╔══
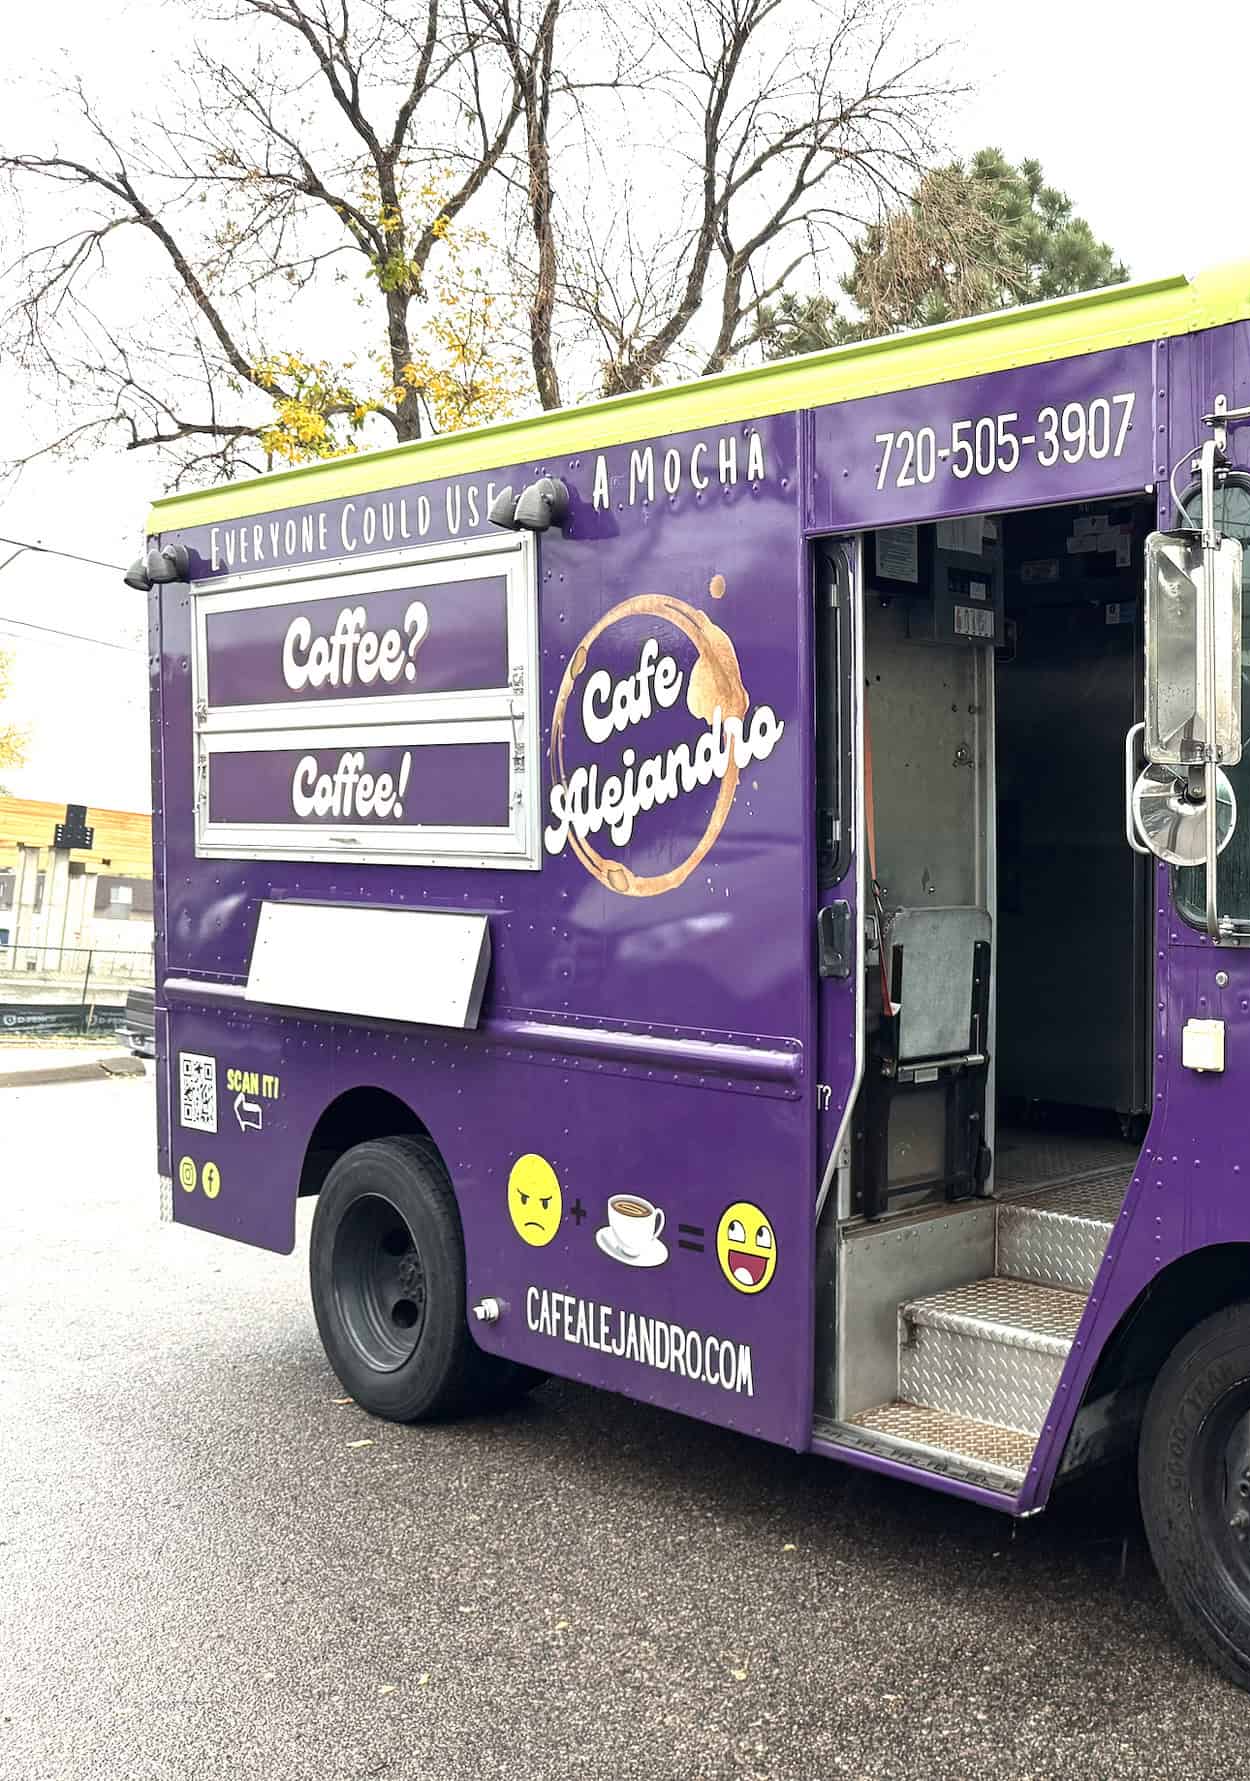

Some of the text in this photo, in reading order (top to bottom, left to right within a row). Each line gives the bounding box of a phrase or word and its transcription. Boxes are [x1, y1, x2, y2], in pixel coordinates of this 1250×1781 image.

[874, 393, 1136, 490] 720-505-3907
[210, 512, 328, 572] EVERYONE
[341, 495, 432, 552] COULD
[593, 455, 610, 512] A
[629, 431, 765, 506] MOCHA
[282, 601, 429, 690] Coffee?
[582, 638, 684, 743] Cafe
[291, 751, 412, 819] Coffee!
[543, 704, 786, 855] Alejandro
[226, 1068, 279, 1099] SCAN IT!
[525, 1285, 754, 1397] CAFEALEJANDRO.COM
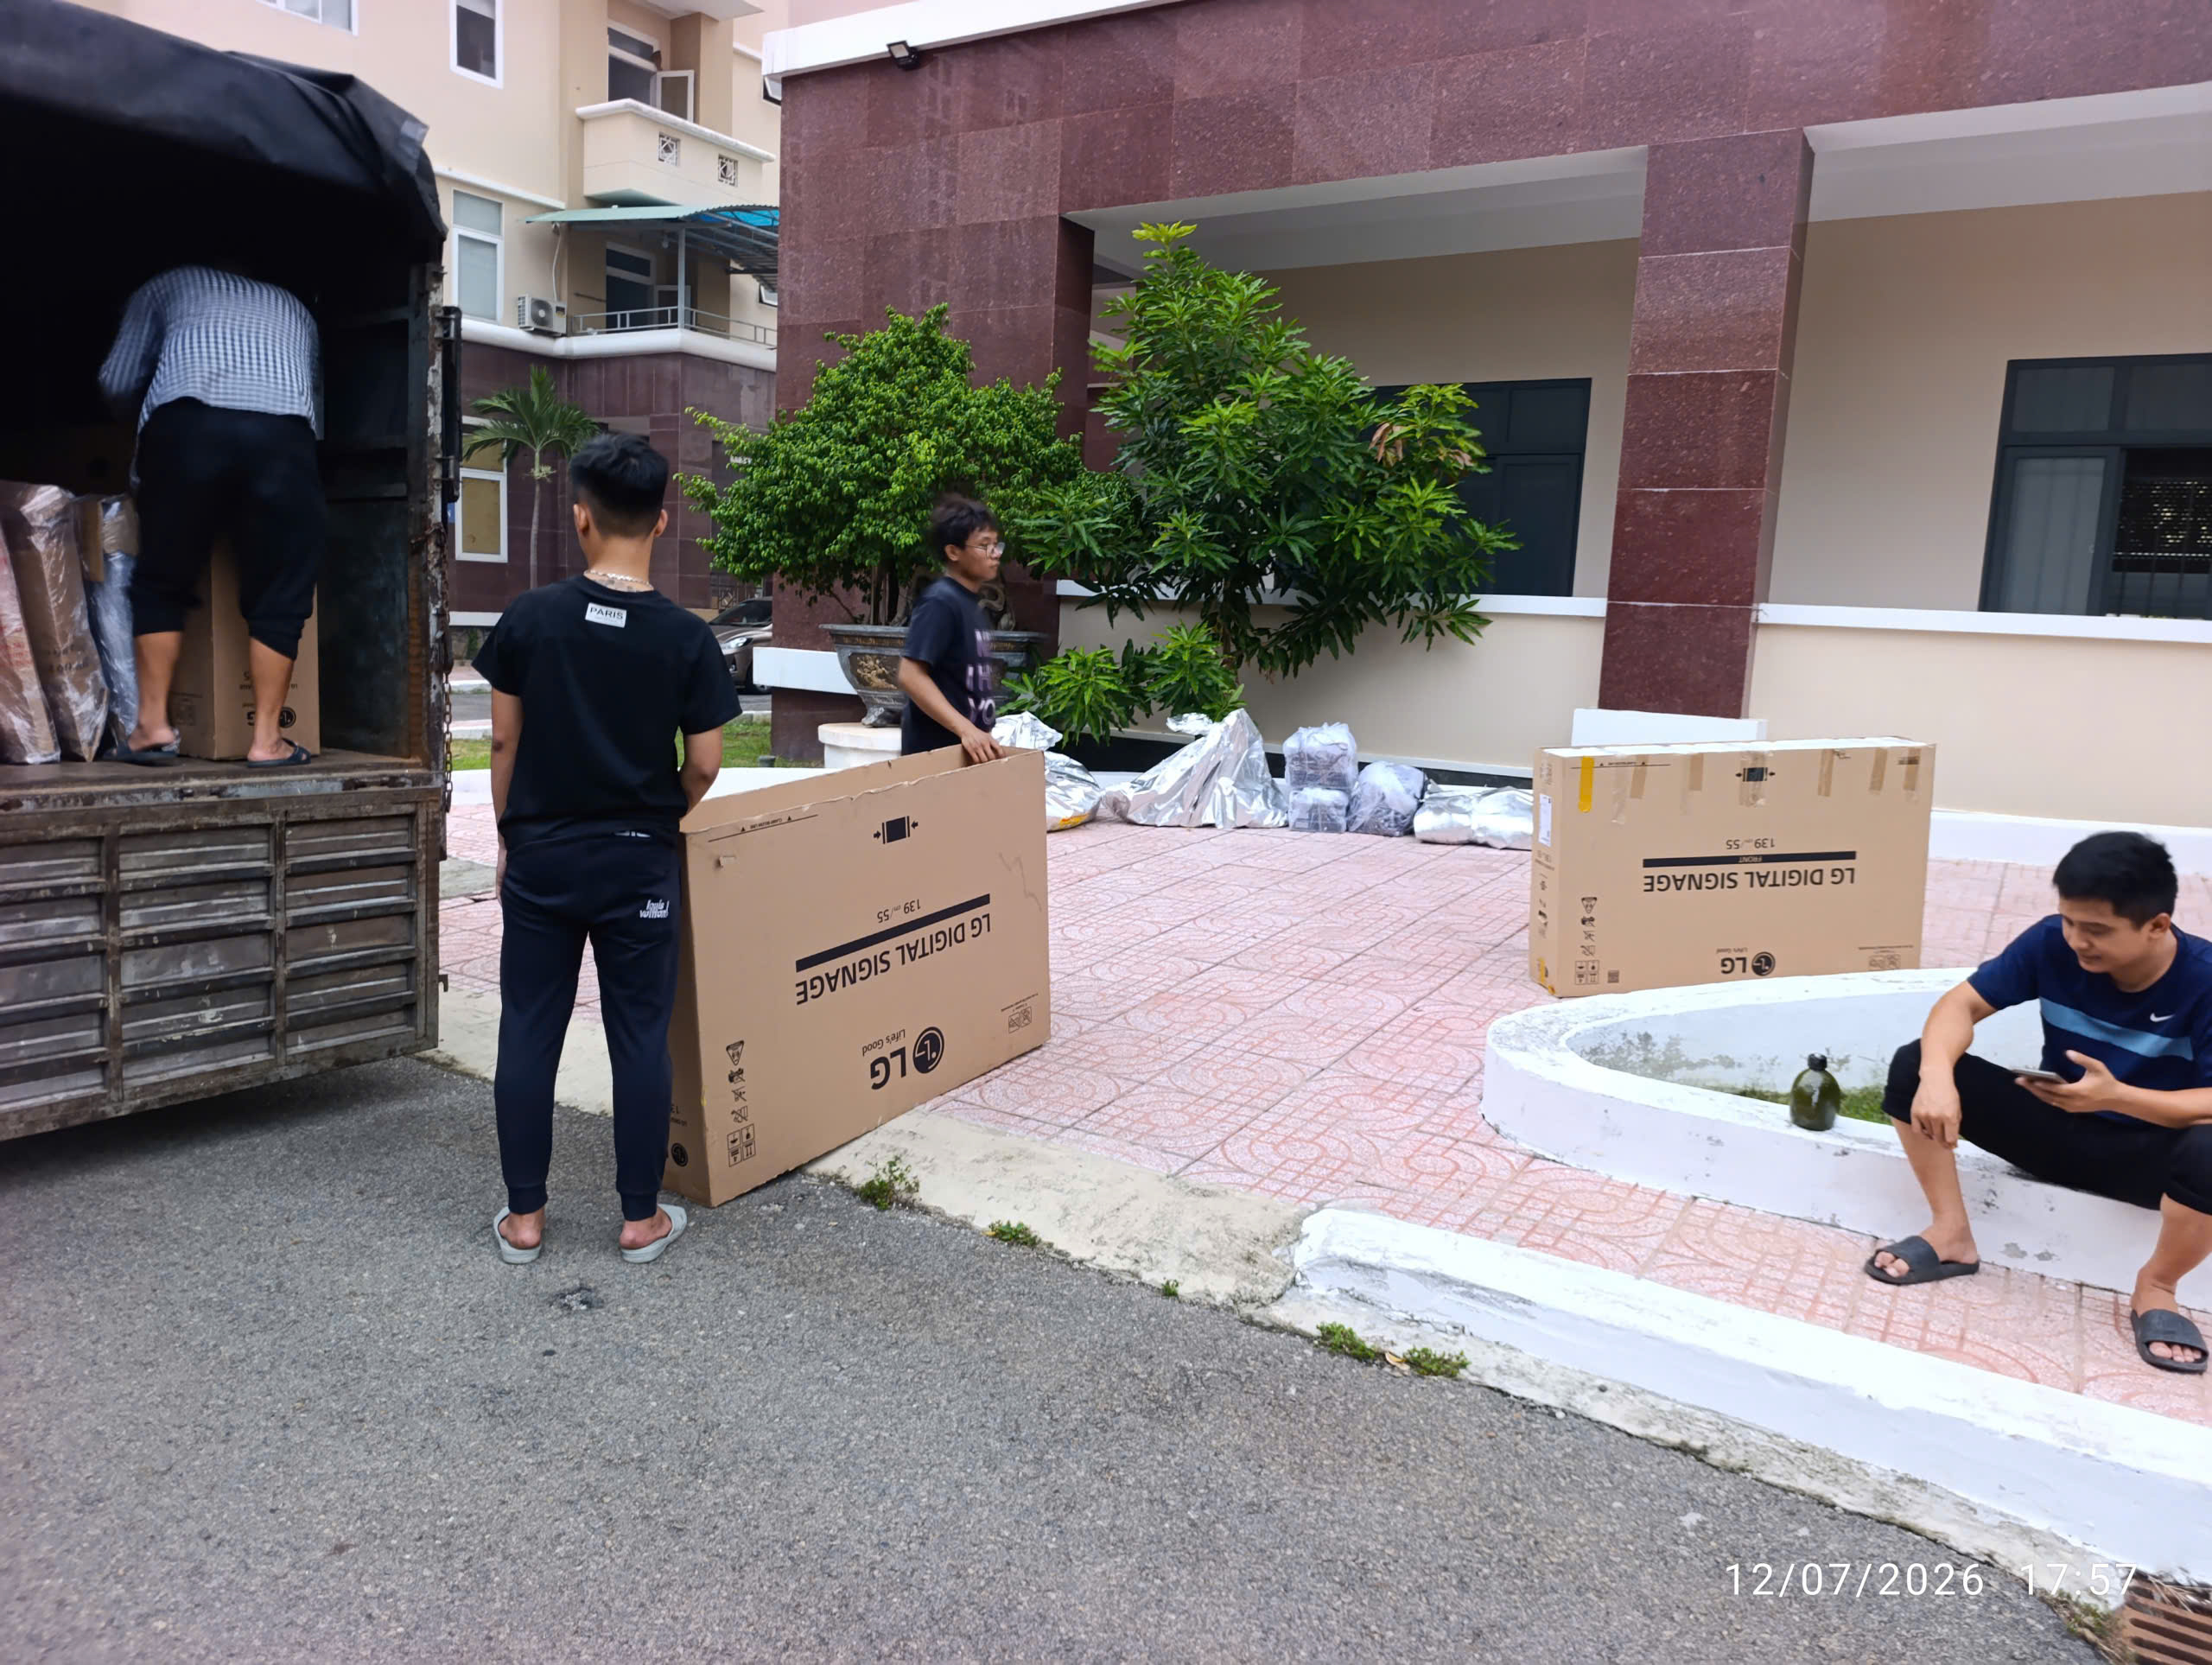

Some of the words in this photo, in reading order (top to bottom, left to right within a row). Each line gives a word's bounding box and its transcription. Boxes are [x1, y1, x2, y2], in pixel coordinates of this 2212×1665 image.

[589, 607, 624, 620] PARIS
[1754, 837, 1776, 849] 139
[1643, 871, 1738, 893] SIGNAGE
[1745, 868, 1824, 888] DIGITAL
[1830, 867, 1855, 884] LG
[903, 899, 921, 914] 139
[970, 912, 991, 934] LG
[895, 922, 965, 966] DIGITAL
[1720, 956, 1747, 975] LG
[795, 950, 892, 1006] SIGNAGE
[861, 1037, 884, 1057] Good
[885, 1028, 906, 1046] Life's
[870, 1046, 907, 1090] LG
╚══
For the material above, give every line again exactly and leave out the pictures.

Some of the text in this photo, in reading order (top to bottom, left to right within a row). Each line gives the bounding box of a phrase or word and its transcription. Boxes are [x1, y1, x2, y2], in pixel coordinates of this 1250×1781 image.

[874, 393, 1136, 490] 720-505-3907
[210, 512, 328, 572] EVERYONE
[341, 495, 432, 552] COULD
[593, 455, 610, 512] A
[629, 431, 765, 506] MOCHA
[282, 601, 429, 690] Coffee?
[582, 638, 684, 743] Cafe
[291, 751, 412, 819] Coffee!
[543, 704, 786, 855] Alejandro
[226, 1068, 279, 1099] SCAN IT!
[525, 1285, 754, 1397] CAFEALEJANDRO.COM

Some of the words in this photo, in reading order (top to bottom, left to right within a row). Each line gives a word's bounding box and its transcription. Boxes are [x1, y1, x2, y2], in pixel coordinates of this 2212×1665 image.

[589, 607, 624, 620] PARIS
[1754, 837, 1776, 849] 139
[1643, 871, 1738, 893] SIGNAGE
[1745, 868, 1824, 888] DIGITAL
[1830, 867, 1855, 884] LG
[903, 899, 921, 914] 139
[970, 912, 991, 934] LG
[895, 922, 965, 966] DIGITAL
[1720, 956, 1747, 975] LG
[795, 950, 892, 1006] SIGNAGE
[861, 1037, 884, 1057] Good
[885, 1028, 906, 1046] Life's
[870, 1046, 907, 1090] LG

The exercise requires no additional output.